Images for object localization:
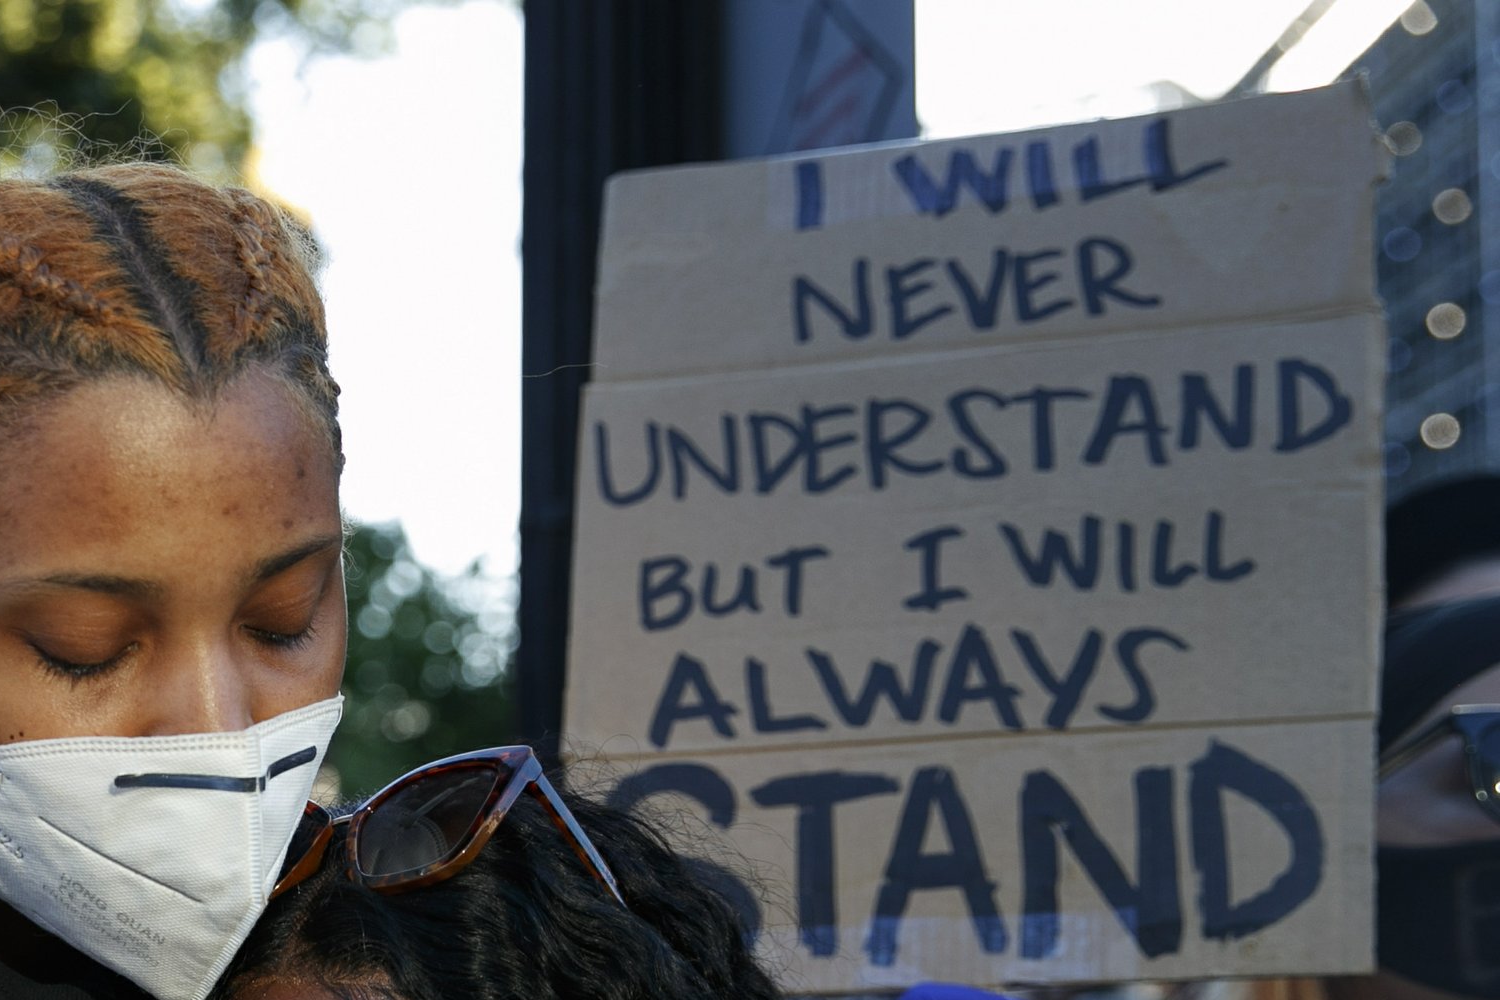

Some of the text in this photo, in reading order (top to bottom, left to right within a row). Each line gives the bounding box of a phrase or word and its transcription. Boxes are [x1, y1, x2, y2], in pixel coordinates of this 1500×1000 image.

[794, 117, 1228, 231] I WILL
[792, 236, 1162, 343] NEVER
[593, 357, 1354, 506] UNDERSTAND
[639, 509, 1257, 632] BUT I WILL
[649, 623, 1190, 749] ALWAYS
[117, 912, 165, 945] QUAN

• _WHAT IS NEEDED_: Return every entry above exactly. Pictures stay out.

• _OUTPUT_:
Some of the text in this photo, in reading order (top to bottom, left to right within a row). Each line gives the bounding box of a phrase or word and its transcription. Boxes are [x1, y1, x2, y2], in pixel coordinates of this 1500×1000 image.

[794, 117, 1228, 231] I WILL
[792, 236, 1162, 343] NEVER
[593, 357, 1354, 506] UNDERSTAND
[639, 509, 1257, 632] BUT I WILL
[649, 623, 1190, 749] ALWAYS
[117, 912, 165, 945] QUAN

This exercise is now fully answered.